After the dust had settled, the reconfigured executive staff of the athletic department consisted of seven men and a single woman, while the senior administrative staff was made up of 13 men and two women. The reorganization "effectively resulted in a mass demotion of females and staff working with female student-athletes," Moshak, Mason and Schlosser claimed. Where the old organizational structure had afforded them autonomy and opportunities for advancement, now the woman's staff faced what they called a "testosterone wall."

The lawsuits have also unearthed some recent history that the school might have wished stayed buried. Jennings, in her suit, says the Lady Vols' most revered icon, Summitt, was pushed out of her job against her will, and that Jennings paid a personal price for standing up for her hero – a set of accusations that were widely reported in local media outlets and in other sports publications and that briefly rekindled the furor over women's athletics at Tennessee.

When Summitt retired in April 2012, some 10 months after she learned she had Alzheimer's — and a few days after the layoffs — she and UT officials insisted that the decision was hers. But Jennings's lawsuit tells a different story.

According to Jennings — who worked alongside Summitt for 35 years and co-authored several books with her — Dave Hart told Summitt that she wouldn't be coaching the Lady Vols during the 2012-13 season. Summitt was "very upset and extremely hurt," Jennings says in her lawsuit, and she protested the decision in an email to Hart, calling it "discriminatory" and "wrong." A couple of months later, Jennings contends, she herself was forced out in retaliation.

In court documents filed last fall, Summitt corroborated Jennings's account. Hart's decision "was very surprising to me and very hurtful as that was a decision I would have liked to make on my own at the end of the season after consulting with my family, doctors, colleagues and friends," she wrote in a sworn affidavit. Summitt added that she and Hart had a later meeting where Hart said she had "misinterpreted" what he said. Then, after Jennings's lawsuit hit the news last fall, Summitt issued a new statement saying it was "entirely my decision to step down ... I did not then, and I do not now, feel that I was forced out by the university." Meanwhile, Hart reiterated to Sports Illustrated that Summitt's retirement was "Pat's decision from the get-go."

Kristin Galles, the Title IX attorney, says the allegations in the lawsuits mirror what she has heard from many of the female coaches she has represented over the years. The difference at UT, she says, is that the women sued. "That's very rare because you're blackballed," she said. "You're a troublemaker, you're a problem, and the men don't want that."
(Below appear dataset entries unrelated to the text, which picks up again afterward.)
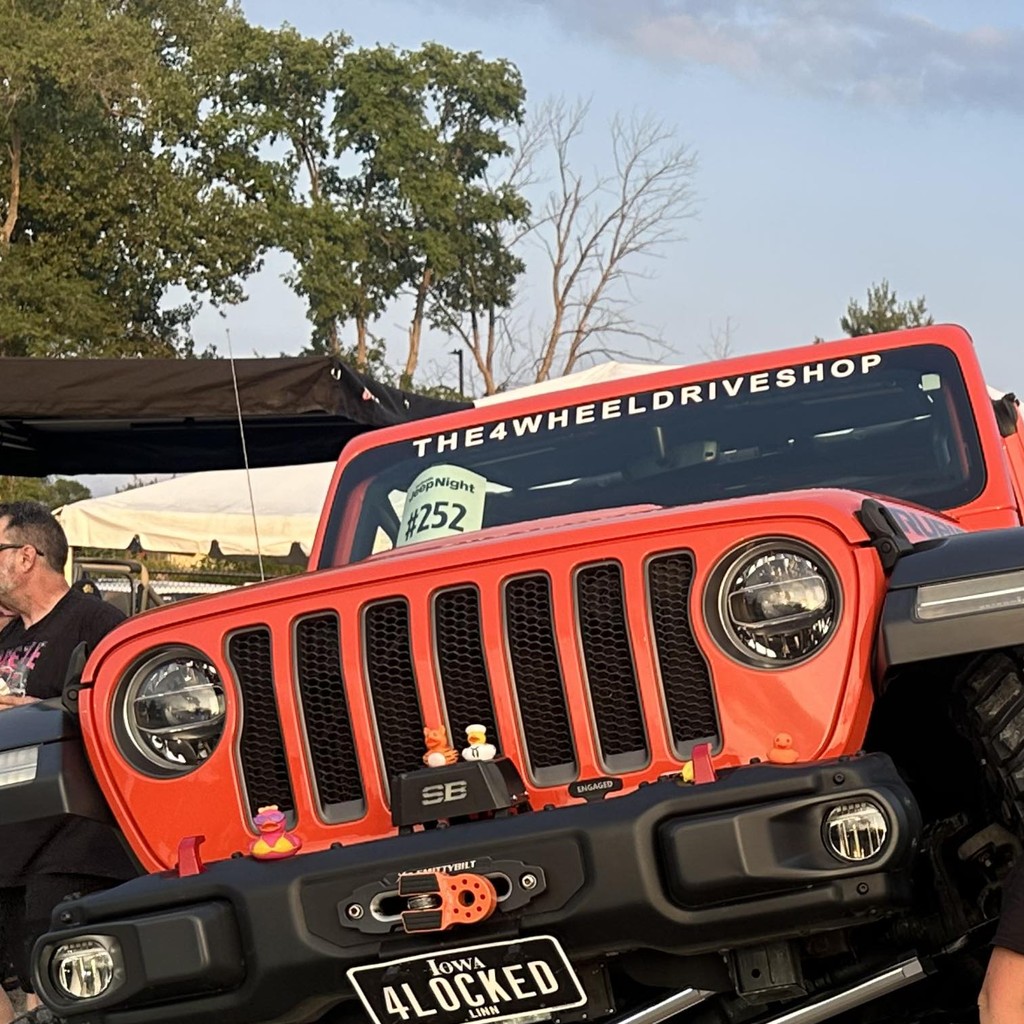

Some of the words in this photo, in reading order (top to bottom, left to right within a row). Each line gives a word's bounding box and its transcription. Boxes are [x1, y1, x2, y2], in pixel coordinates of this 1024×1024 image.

[413, 354, 883, 458] THE4WHEELDRIVESHOP
[405, 501, 467, 541] #252
[576, 780, 614, 793] ENGAGED
[382, 960, 559, 1020] 4LOCKED
[469, 1005, 500, 1019] LINN
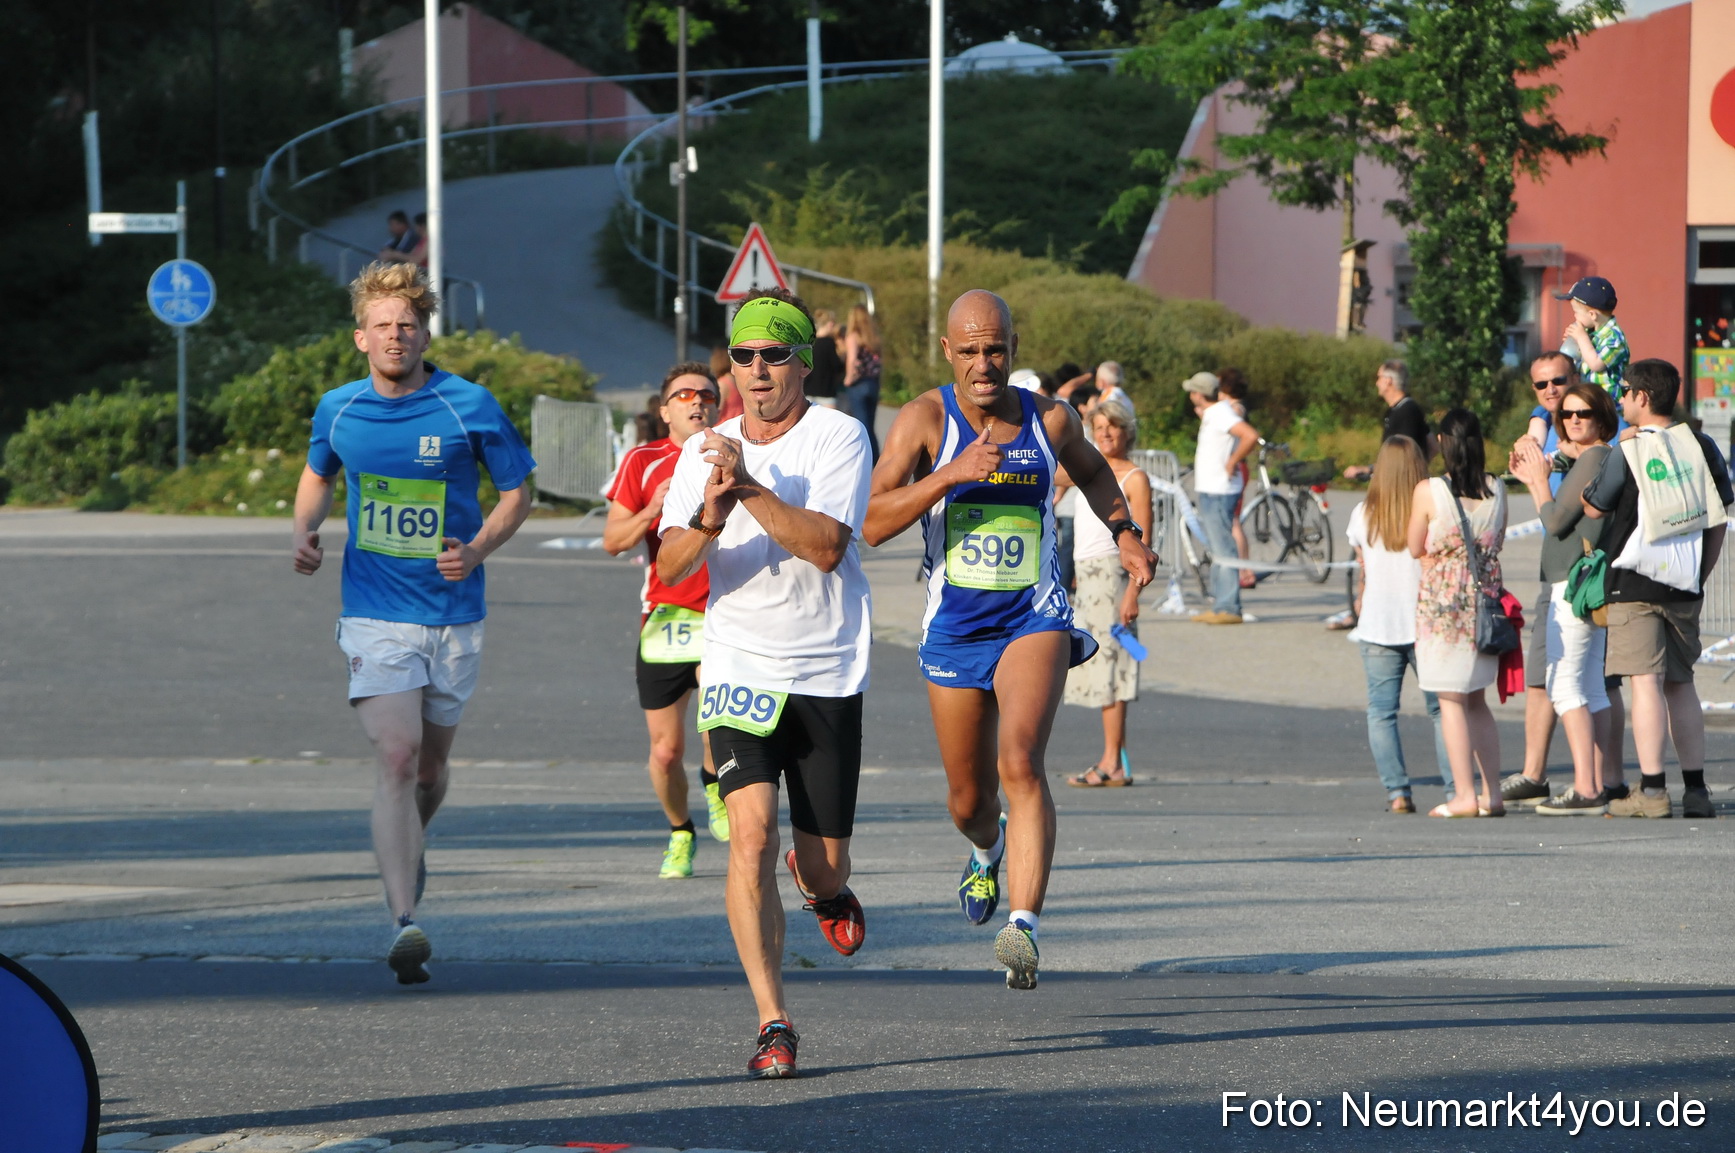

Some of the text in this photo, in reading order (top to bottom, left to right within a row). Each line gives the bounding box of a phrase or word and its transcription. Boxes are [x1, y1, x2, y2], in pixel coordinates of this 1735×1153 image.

[1008, 449, 1038, 459] HEITEC
[988, 472, 1038, 485] QUELLE
[363, 500, 439, 538] 1169
[961, 533, 1025, 569] 599
[661, 622, 692, 646] 15
[701, 682, 777, 723] 5099
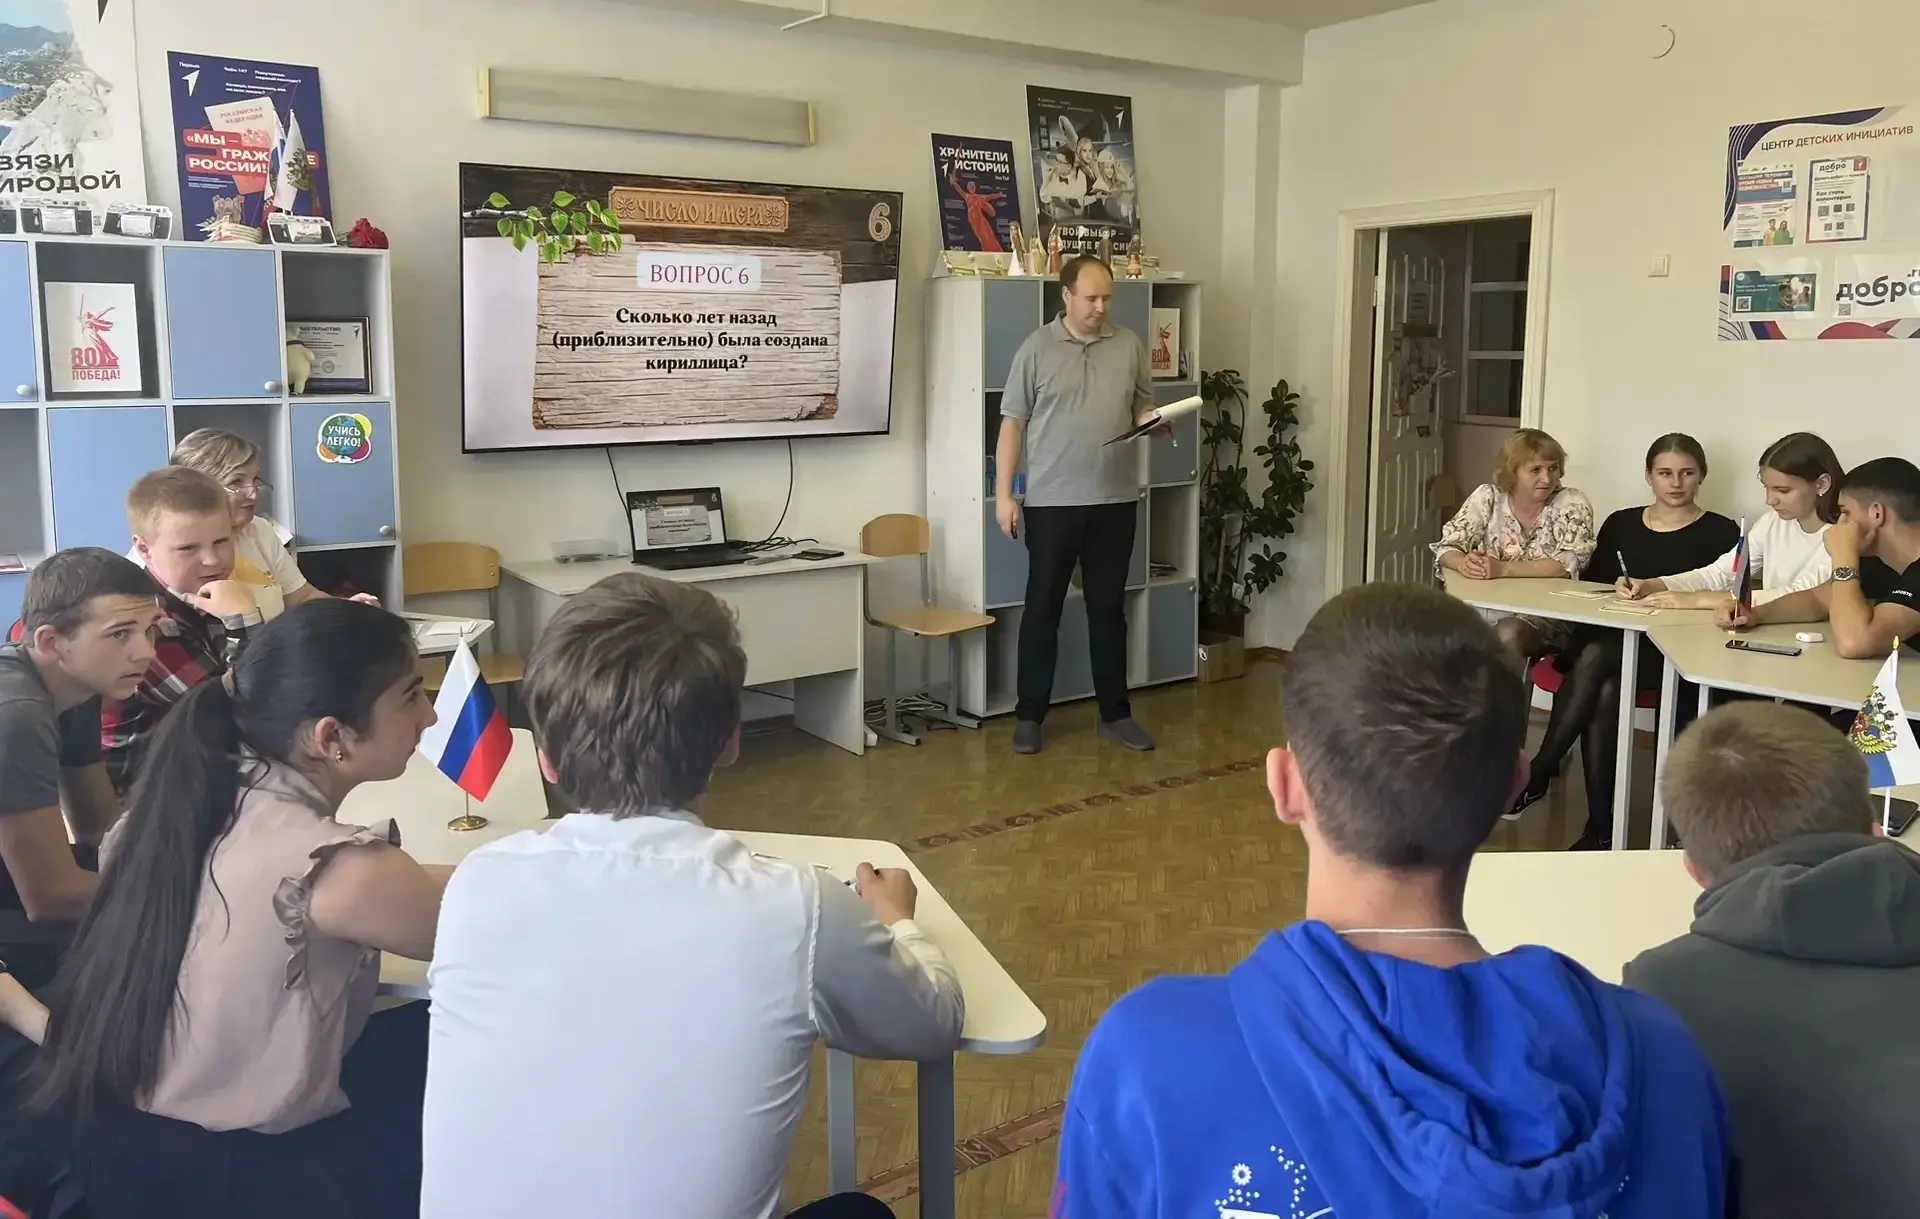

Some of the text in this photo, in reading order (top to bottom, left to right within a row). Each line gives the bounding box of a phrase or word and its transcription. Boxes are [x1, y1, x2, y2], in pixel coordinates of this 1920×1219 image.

[1761, 125, 1913, 151] ЦЕНТР ДЕТСКИХ ИНИЦИАТИВ
[939, 147, 1009, 162] ХРАНИТЕЛИ
[189, 158, 268, 173] РОССИИ!
[955, 160, 1009, 174] ИСТОРИИ
[1819, 162, 1846, 171] добро
[637, 199, 765, 226] ЧИСЛО И МЕРА
[868, 202, 892, 242] 6
[650, 264, 749, 285] ВОПРОС 6
[616, 307, 777, 327] Сколько лет назад
[552, 331, 829, 351] (приблизительно) была создана
[645, 355, 748, 374] кириллица?
[72, 369, 120, 381] ПОБЕДА!
[328, 425, 361, 436] УЧИСЬ
[327, 436, 361, 447] ЛЕГКО!
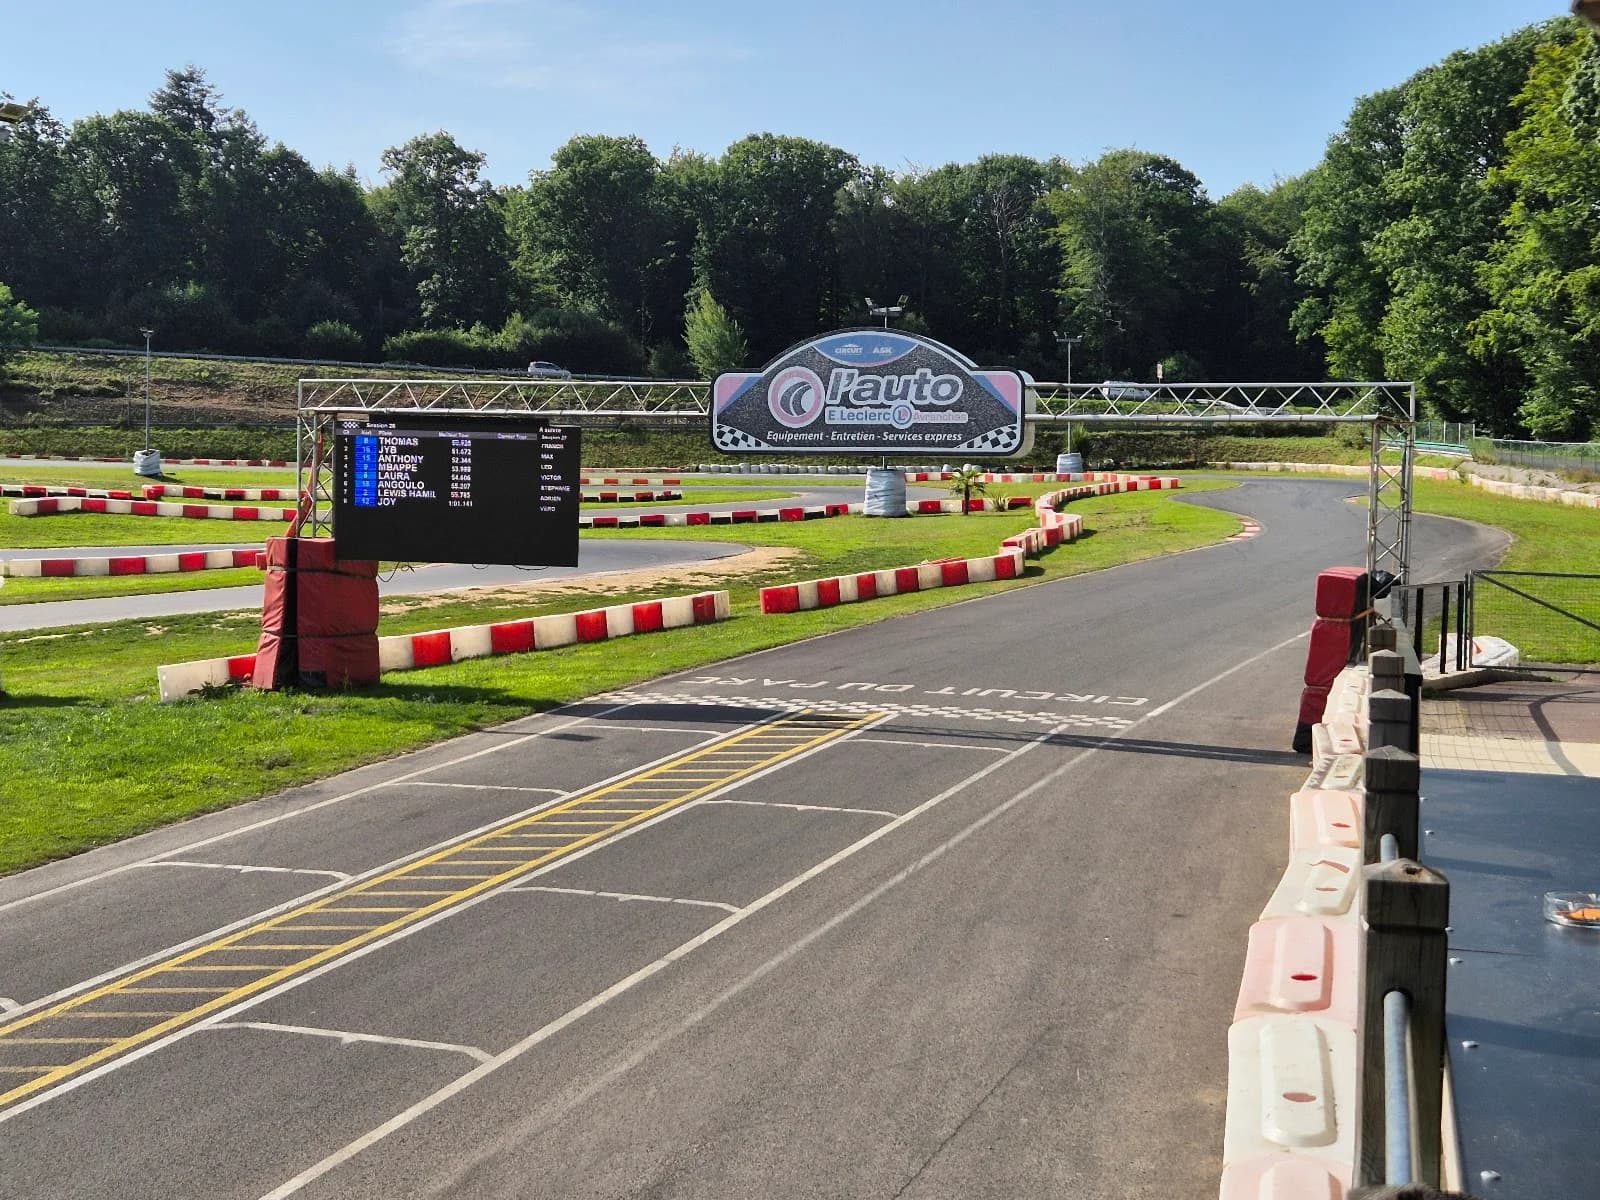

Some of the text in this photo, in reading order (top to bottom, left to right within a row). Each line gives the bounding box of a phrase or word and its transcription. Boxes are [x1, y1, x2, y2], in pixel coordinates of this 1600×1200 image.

Indeed, Moshak and her colleagues say they see signs of blackballing in their case. Both she and Jennings have taken early retirement and are working as consultants. (Moshak is also promoting a new book, "Ice and Go: Score in Sports and Life.") Holly Mason, the associate strength coach, survived the layoffs but was fired this May. Schlosser remains unemployed.

Meanwhile, Holly Warlick, Summitt's longtime assistant, who led the Lady Vols to another Southeastern Conference title in her rookie year as head coach, earned $485,000 last year, versus $1.3 million for men's basketball coach Cuonzo Martin, hired the year before, whose team finished second in the conference last year.

Later this month, the Tuck Center's associate director, Nicole Lavoi, will release a new study and report card focusing on the number of female coaches in the top NCAA schools. According to Lavoi's data, UT's head coaching staff is now 38.5 percent female, below the national average.

The grade she gives to the once-lauded UT program: a D.